Each line from the one with "this 1320×1485 image." to the final line of the data must be reproduced exactly, and no other line may appear.
-- Supplied information follows --
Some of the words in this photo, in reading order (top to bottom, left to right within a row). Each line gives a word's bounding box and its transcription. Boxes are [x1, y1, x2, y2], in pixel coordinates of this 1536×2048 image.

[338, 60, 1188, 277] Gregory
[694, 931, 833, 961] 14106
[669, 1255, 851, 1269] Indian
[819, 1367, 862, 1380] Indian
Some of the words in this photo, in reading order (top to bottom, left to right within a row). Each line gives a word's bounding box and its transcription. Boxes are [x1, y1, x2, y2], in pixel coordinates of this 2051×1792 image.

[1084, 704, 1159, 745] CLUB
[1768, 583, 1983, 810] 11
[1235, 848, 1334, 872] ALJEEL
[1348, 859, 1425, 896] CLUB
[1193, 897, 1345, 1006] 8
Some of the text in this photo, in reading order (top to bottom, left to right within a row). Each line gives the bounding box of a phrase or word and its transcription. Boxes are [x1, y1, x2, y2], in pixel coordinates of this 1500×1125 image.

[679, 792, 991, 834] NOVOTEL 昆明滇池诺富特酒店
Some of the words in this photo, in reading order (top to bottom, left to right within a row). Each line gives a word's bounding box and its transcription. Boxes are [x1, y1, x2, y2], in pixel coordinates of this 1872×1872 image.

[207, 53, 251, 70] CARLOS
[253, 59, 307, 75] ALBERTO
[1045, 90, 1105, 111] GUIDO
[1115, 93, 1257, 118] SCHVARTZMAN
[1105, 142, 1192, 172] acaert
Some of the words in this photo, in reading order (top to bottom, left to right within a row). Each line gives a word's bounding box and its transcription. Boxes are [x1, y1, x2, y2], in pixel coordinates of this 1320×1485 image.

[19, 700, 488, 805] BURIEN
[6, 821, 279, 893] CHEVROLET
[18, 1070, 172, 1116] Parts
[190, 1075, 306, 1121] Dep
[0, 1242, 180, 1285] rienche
-- Supplied information concluded --
* Task answer
Some of the words in this photo, in reading order (top to bottom, left to right within a row). Each line gives a word's bounding box and its transcription. Boxes are [x1, y1, x2, y2], in pixel coordinates of this 1320×1485 image.

[19, 700, 488, 805] BURIEN
[6, 821, 279, 893] CHEVROLET
[18, 1070, 172, 1116] Parts
[190, 1075, 306, 1121] Dep
[0, 1242, 180, 1285] rienche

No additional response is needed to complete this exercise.